On retrouve partout la mouche d'Ésope, qui du fond d'un char, dans un chemin sablonneux, s'écriait : Que j'élève de poussière ! [VOLT., Dict. phil. Quisquis, Langleviel.]
Fig. Jeter de la poussière aux yeux, éblouir.
De belles paroles, afin d'éblouir les simples et de jeter de la poussière aux yeux des lecteurs [DE LA ROQUE, dans BOSSUET Déf. trad. comm. II, 30]
Laisser sur la poussière, laisser mort sur un champ de bataille.
Quand on a laissé sur la poussière des milliers d'hommes égorgés, peut-on se livrer à la joie ? [MARMONTEL, Bélis. 8]
Poétiquement. Il s'est couvert, il est couvert d'une noble poussière, se dit d'un homme de guerre qui s'est trouvé dans plusieurs combats.
Poétiquement. Mordre la poussière, être tué.
L'orgueil à qui tu fis mordre La poussière de Coutras [MALH., II, 6]
Nesle, Clermont, d'Angenne ont mordu la poussière [VOLT., Henr. VII]
Fig. Réduire en poussière, anéantir, N'être plus que poussière, être anéanti.
Ont-ils [les princes] rendu l'esprit, ce n'est plus que poussière Que cette majesté si pompeuse et si fière [MALH., I, 3]
Carthage n'est plus rien que poussière et que cendre [MAIR., Mort. d'Asdrub. I, 1]
Déplorable Sion, qu'as-tu fait de ta gloire ? Tout l'univers admirait ta splendeur ; Tu n'es plus que poussière [RAC., Esth. I, 2]
La poussière humaine, la poussière en laquelle les morts sont réduits.
Je vais chercher ailleurs (pardonne, ombre romaine !) Des hommes, et non pas de la poussière humaine [LAMART., Child-Harold, 13]
Fig.
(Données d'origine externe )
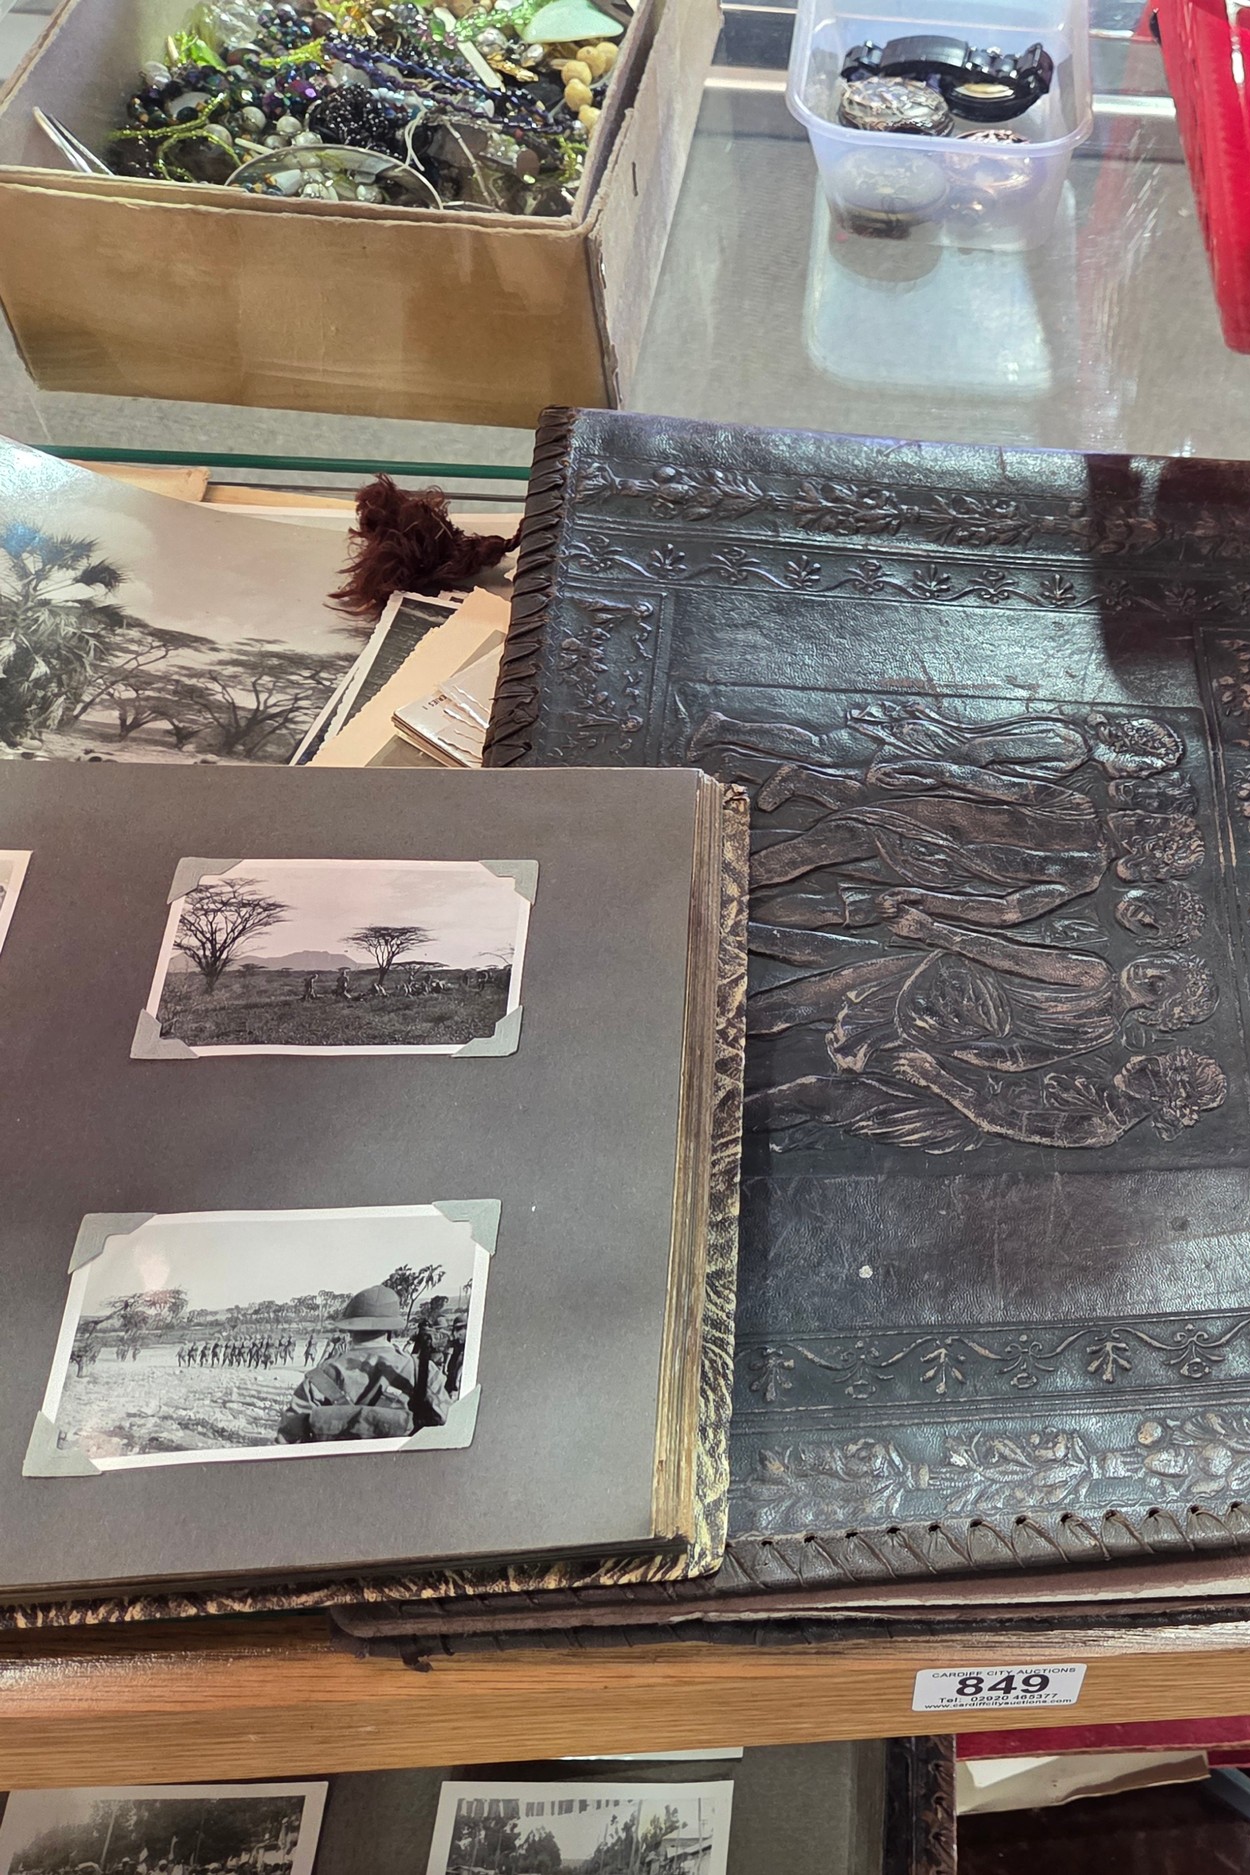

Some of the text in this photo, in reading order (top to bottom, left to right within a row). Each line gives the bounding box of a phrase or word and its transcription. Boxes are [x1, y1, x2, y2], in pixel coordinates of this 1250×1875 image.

[1017, 1667, 1076, 1675] AUCTIONS
[956, 1673, 1050, 1697] 849
[925, 1699, 1072, 1710] www.cardiffcityauctions.com
La poussière des pieds, la marque du triomphe.
Et de ses pieds [de Napoléon] on peut voir la poussière Empreinte encor sur le bandeau des rois [BÉRANG., Dieu des bonnes gens.]
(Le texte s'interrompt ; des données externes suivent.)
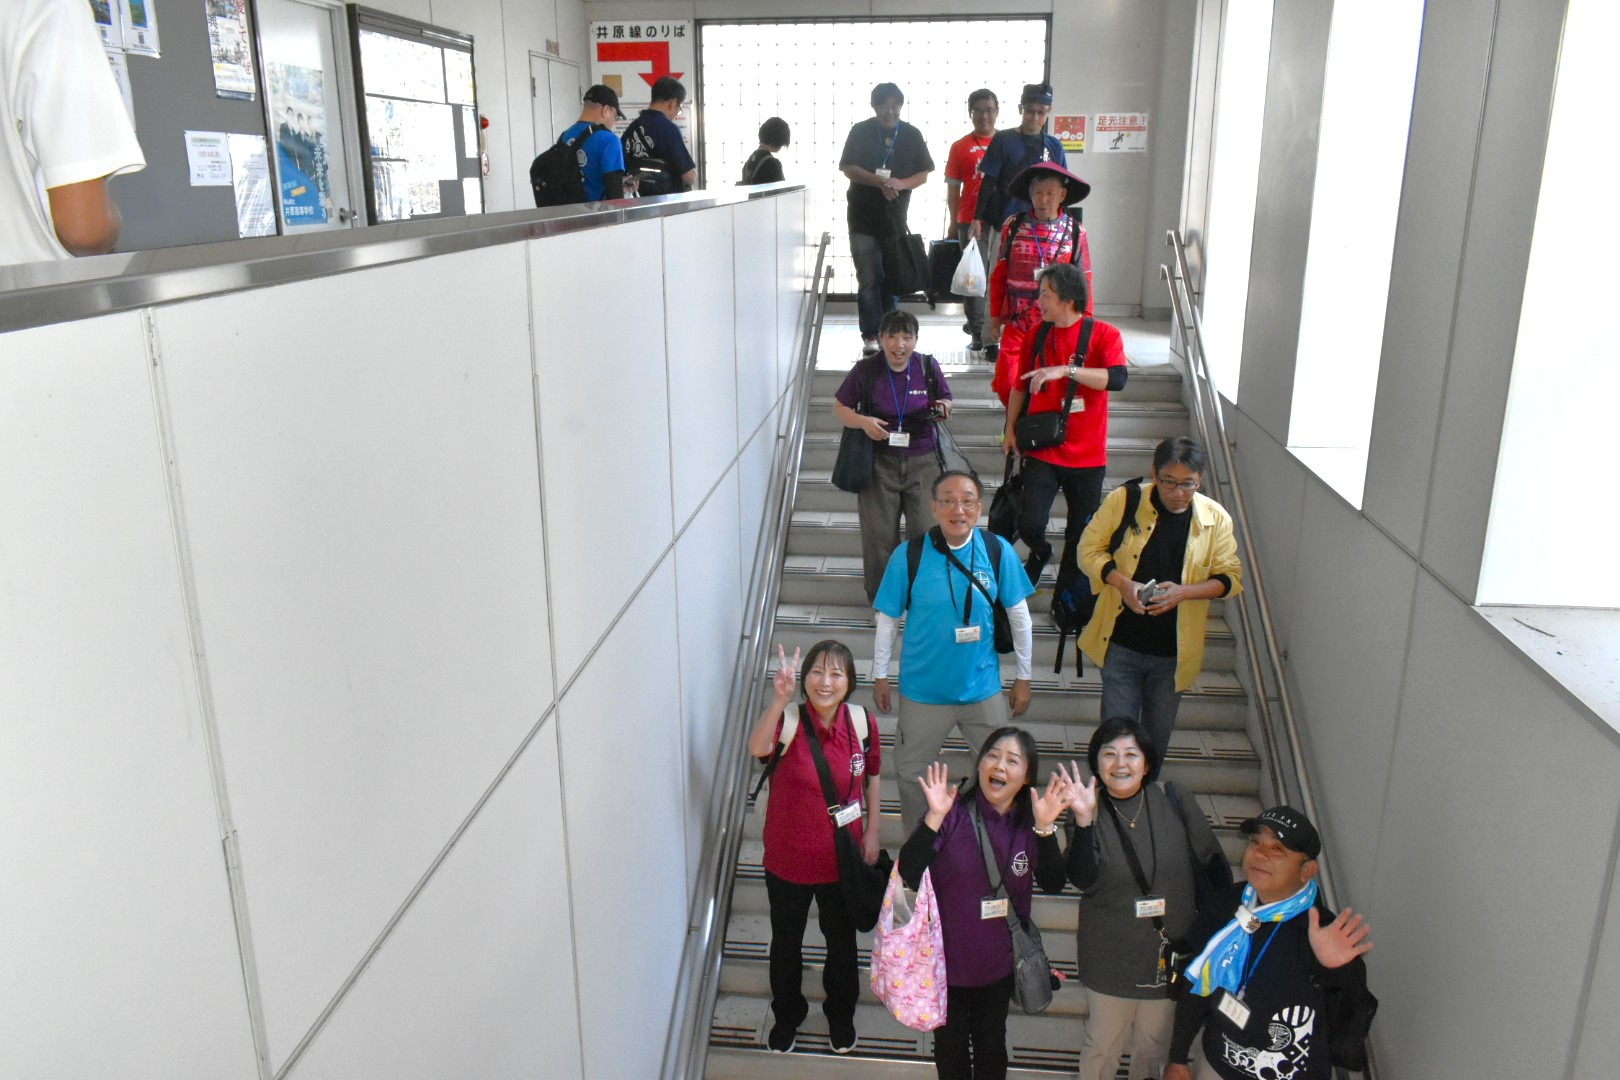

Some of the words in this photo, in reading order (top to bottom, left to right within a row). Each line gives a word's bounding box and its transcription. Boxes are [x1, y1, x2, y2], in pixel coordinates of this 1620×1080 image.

[596, 25, 686, 39] 井原線のりば
Fig. Baiser la poussière des pieds, adorer et se soumettre.
Les rois des nations devant toi prosternés De tes pieds baisent la poussière [RAC., Ath III, 7]
Et se peut il qu'un roi craint de la terre entière Devant qui tout fléchit et baise la poussière.... [ID., Esth. II, 7]
Et tantôt à ses pieds courbant sa tête altière, De ses pas adorés il baise la poussière [DELILLE, Par. perdu, IX]
4° Fig. La poussière du greffe, de l'école, du collége, etc. le greffe, l'école, le collége considérés avec un certain mépris.
Dans la poussière même des écoles, il trouva le moyen de satisfaire son zèle en produisant des enfants à Jésus-Christ [FLÉCHIER, Panég. II, 200]
Ses affectations et ses antithèses sentent la poussière de l'école [HUET, De l'orig. des romans, p. 58, dans POUGENS]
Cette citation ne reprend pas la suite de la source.